Die Metamorphosen des Songpoeten

„Bob Dylan wird 50 — 11 Entwürfe für 1 Geburtstagsgruß“, B3, 22.50 Uhr  ■ Von Matti Lieske

Über Tote soll man nichts Schlechtes sagen, heißt es im Volksmund, und auch nicht über Fünfzigjährige. Eine Devise, die Gerold Hofmann und Ulli Pfau in ihrem Film zum 50. Geburtstag von Bob Dylan am 24. Mai getreulich beherzigen.
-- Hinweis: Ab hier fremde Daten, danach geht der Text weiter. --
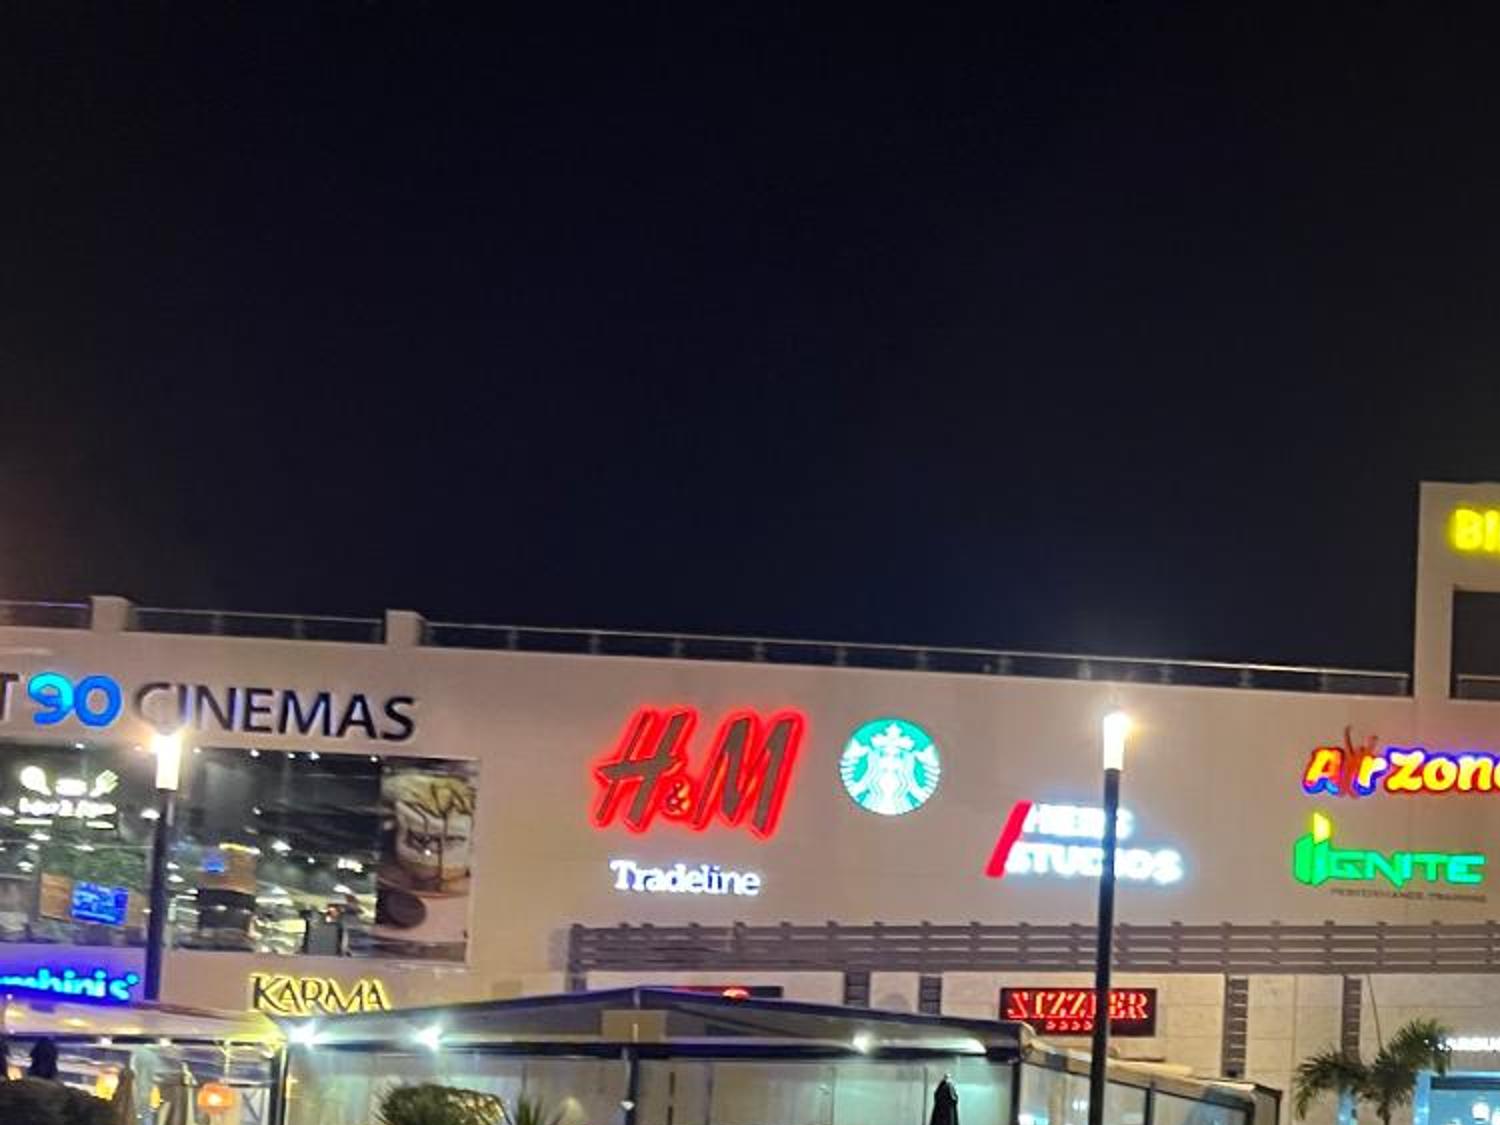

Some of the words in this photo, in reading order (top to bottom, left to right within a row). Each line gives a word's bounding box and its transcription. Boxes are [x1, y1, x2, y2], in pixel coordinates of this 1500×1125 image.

[27, 672, 123, 727] 90
[131, 681, 416, 742] CINEMAS
[592, 706, 804, 840] H&M
[608, 859, 762, 896] Tradeline
[250, 974, 392, 1018] KARMA
[1006, 991, 1150, 1020] SIZZER
Kein Wort über die Anwürfe, die sich der selbsternannte Songpoet über die Jahre hinweg gefallen lassen mußte: Judas der Bürgerrechtsbewegung, Judas der Folk Music, Judas der Rockmusik, Zionist, Sexist, Reaktionär, Rüstungsaktionär, Frömmler, Opa, Dummbeutel, seniler Verfasser von Kindergartenlyrik, Misanthrop, Arschloch, Trunkenbold, und Gitarrespielen kann er auch nicht — Schwamm drüber, das meiste war ohnehin nicht wahr.
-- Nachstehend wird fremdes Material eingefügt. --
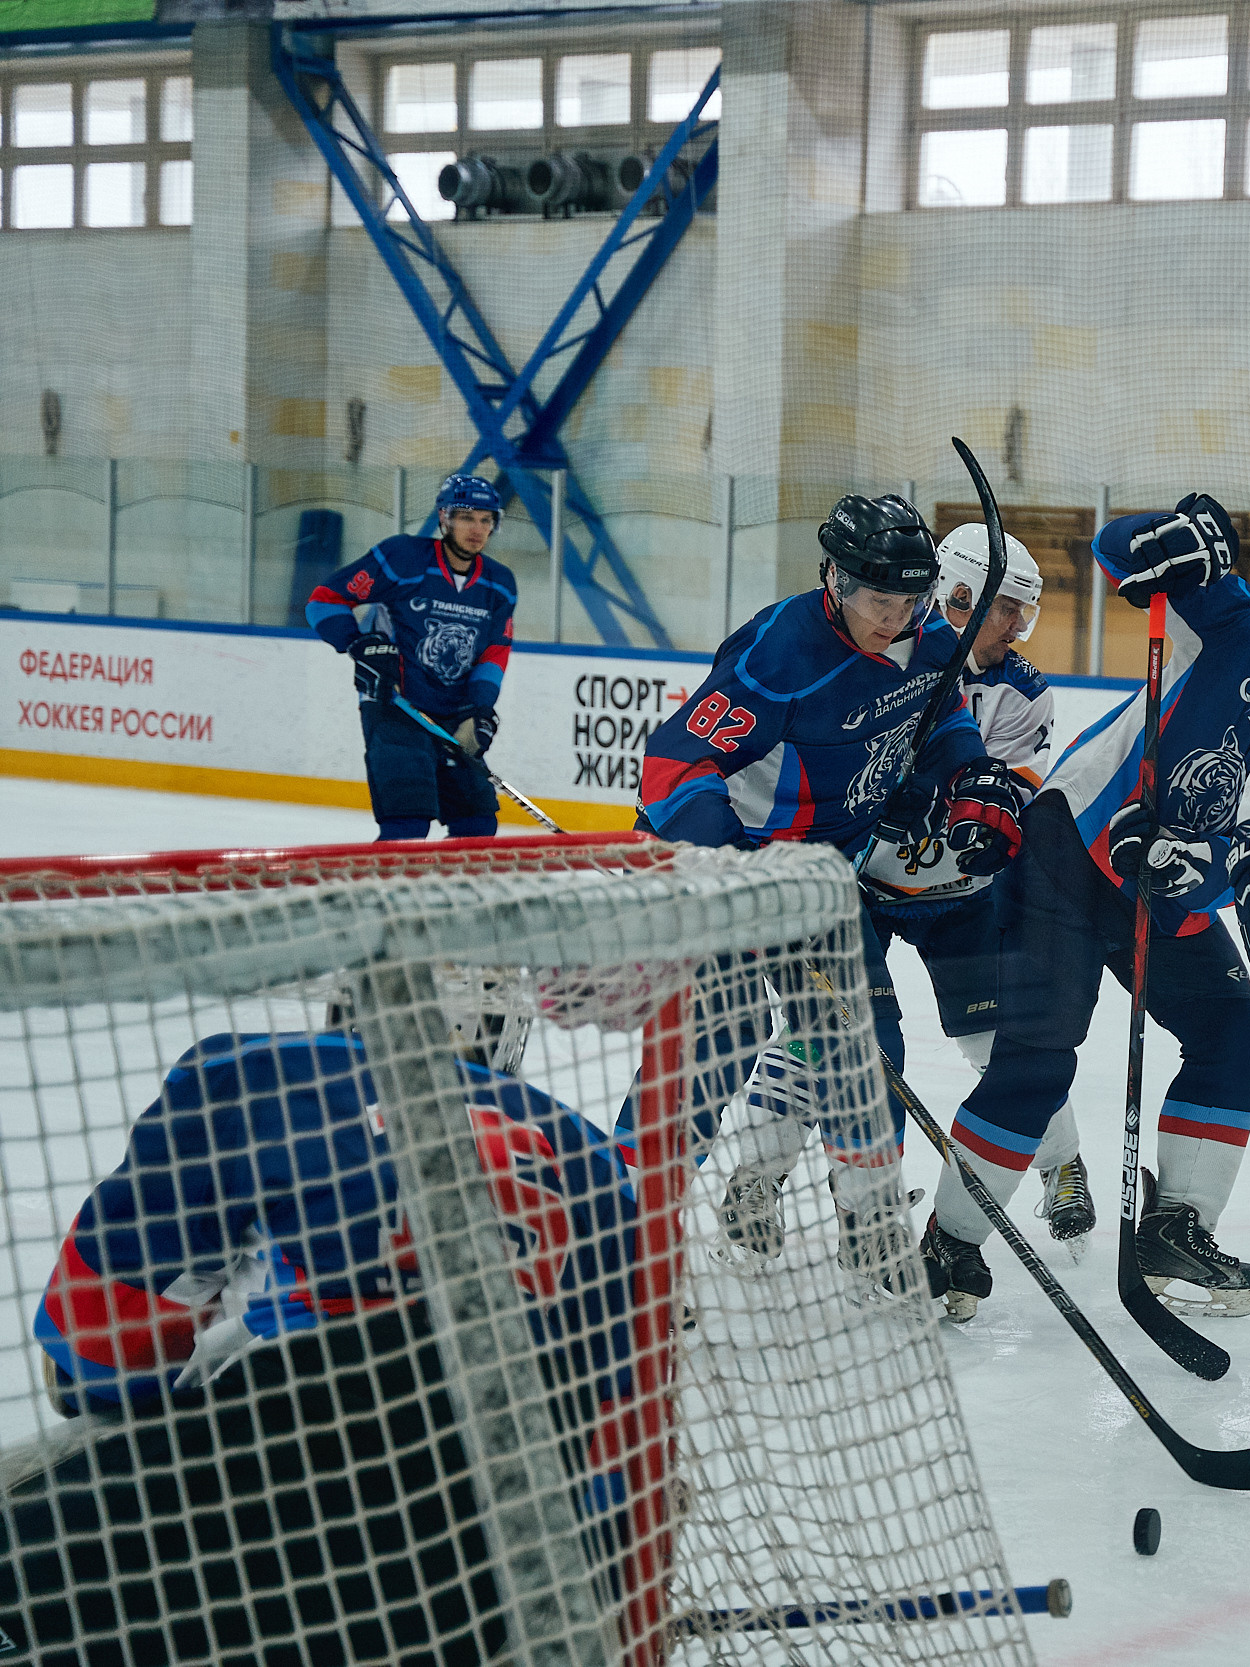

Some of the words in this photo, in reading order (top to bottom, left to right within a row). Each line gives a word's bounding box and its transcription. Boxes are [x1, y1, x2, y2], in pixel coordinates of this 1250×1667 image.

[835, 509, 857, 532] CCM
[901, 568, 930, 578] CCM
[19, 648, 154, 688] ФЕДЕРАЦИЯ
[576, 675, 667, 712] СПОРТ
[874, 682, 925, 719] ДАЛЬНИЙ
[18, 700, 104, 733] ХОККЕЯ
[110, 707, 213, 741] РОССИИ
[686, 690, 757, 753] 82
[958, 774, 1012, 791] BAU
Zu Wort kommen in dem Film 11 Entwürfe für 1 Geburtstagsgruß nur Fans von Bob Dylan, und die kann er sich nicht aussuchen. Jahrelang mußte er es ertragen, daß US-Präsident Jimmy Carter ständig aus seinen Songs zitierte, also wird er wohl auch damit leben können, daß Exwirtschaftsminister Haussmann ihn mag und sich einmal sogar mit dem Dienstwagen zu einem Konzert kutschieren ließ. Als weitaus angenehmere Dylan-Verehrerin präsentiert sich die Schauspielerin Iris Berben, die an glorreiche Apo-Zeiten erinnert, während Daniel Cohn-Bendit deren weniger glorreiche Spätfolgen verkörpert. Er vergleicht Dylan mit Rimbaud. Warum eigentlich nicht?
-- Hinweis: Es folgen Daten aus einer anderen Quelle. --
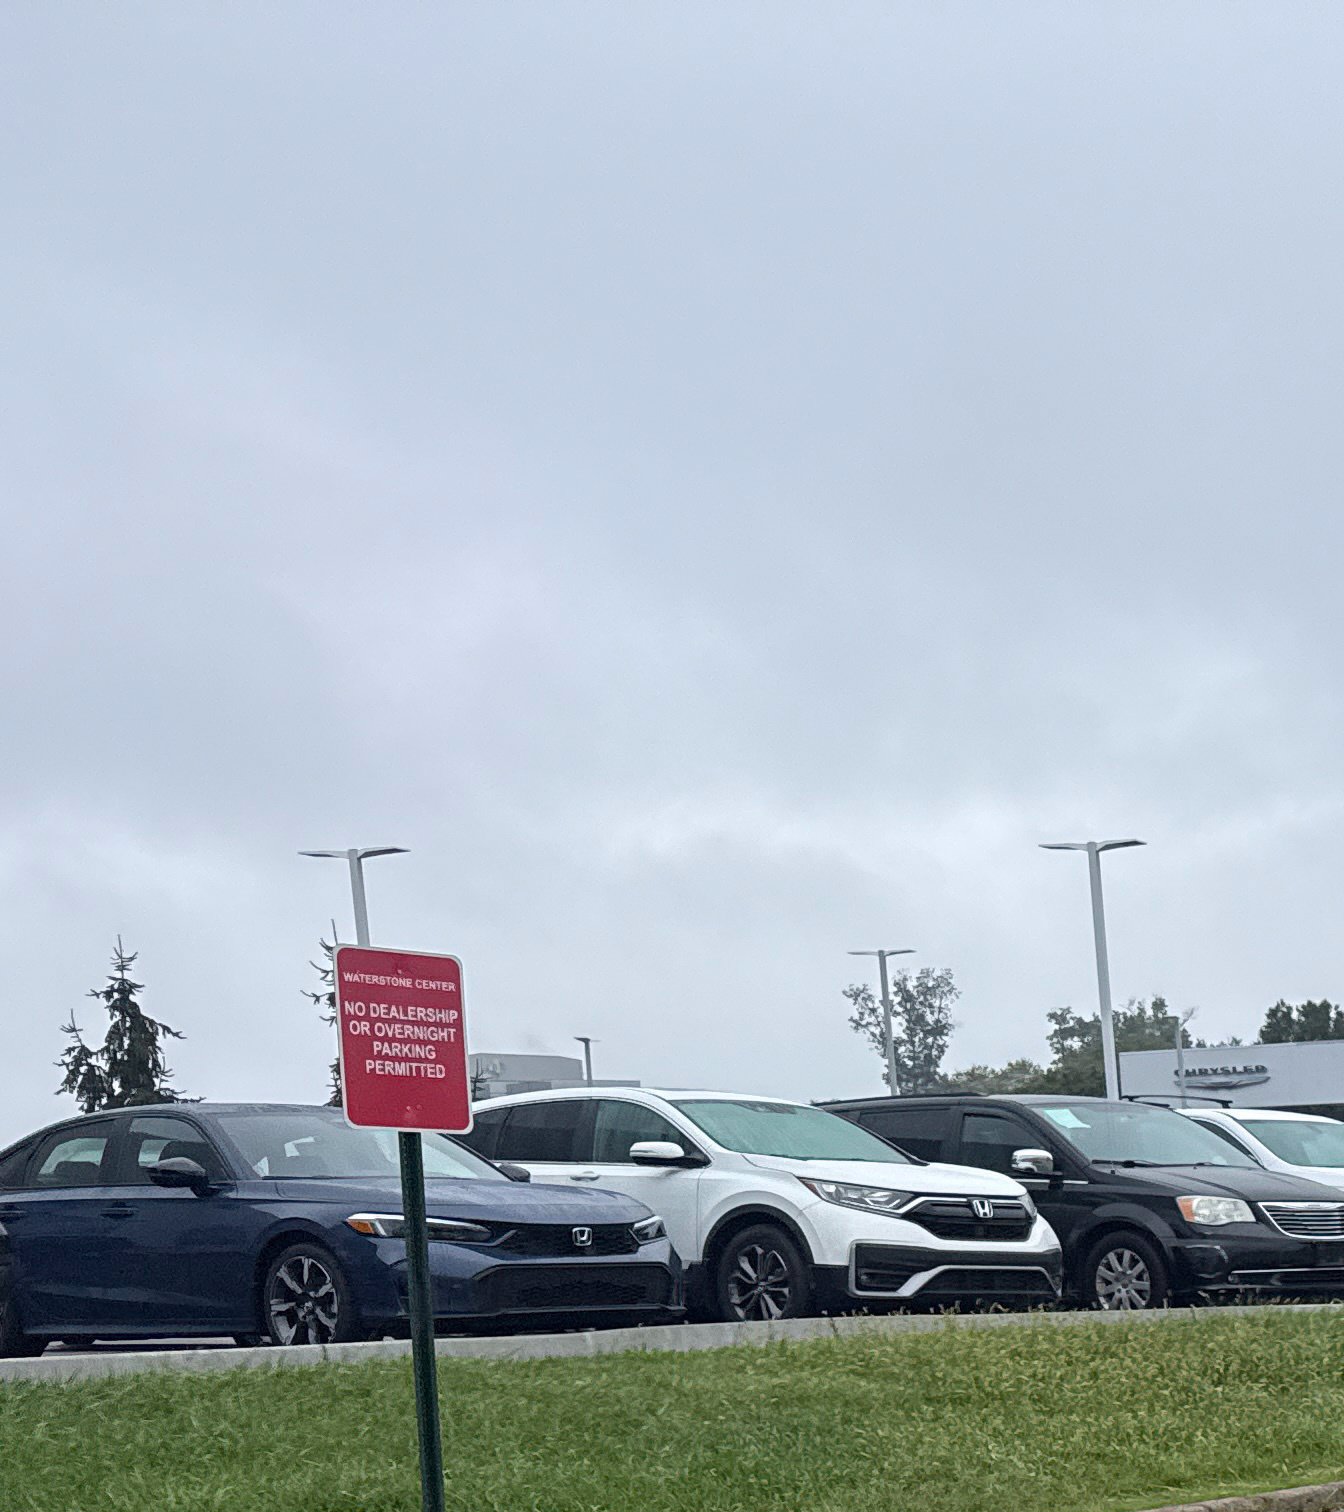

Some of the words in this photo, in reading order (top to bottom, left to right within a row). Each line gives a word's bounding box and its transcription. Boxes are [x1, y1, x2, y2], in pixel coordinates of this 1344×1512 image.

[343, 971, 413, 988] WATERSTONE
[415, 979, 456, 992] CENTER
[344, 1000, 366, 1017] NO
[369, 1003, 458, 1024] DEALERSHIP
[349, 1020, 371, 1036] OR
[374, 1022, 456, 1042] OVERNIGHT
[373, 1041, 436, 1059] PARKING
[365, 1060, 446, 1079] PERMITTED
Alan Bangs bewundert, daß Dylan ständig aus sämtlichen Schubladen hupft, in die er gerade hineingestopft wurde, und stets nur das macht, was er will; der Schauspieler Rolf Zacher dagegen sagt überhaupt nichts über Dylan, sondern schwärmt nur ausgiebig davon, wie wunderbar es doch sei, 50 zu sein, und wieviel wunderbarer es noch wäre, wenn man nicht immer so müde würde. Konzertveranstalter Fritz Rau redet von Dylan so ehrfürchtig wie Moses vom Herrgott, Ulla Meinecke sieht ihn eher als Propheten, Halina Bendkowski von der Berliner FrauenfrAKTION lobt ihn sehr fundiert aus feministischer Sicht („Er stört mich nicht“), Wolfgang Niedecken wünscht sich „mal ein durchgeprobtes Konzert“ von ihm, betrachtet sich nicht als „Dylan-Ayatollah“, darf aber trotzdem When I Paint My Masterpiece singen. Dies weckt sofortiges Verlangen nach der Originalfassung, welche dann deutlich macht, wie wahre Klasse klingt.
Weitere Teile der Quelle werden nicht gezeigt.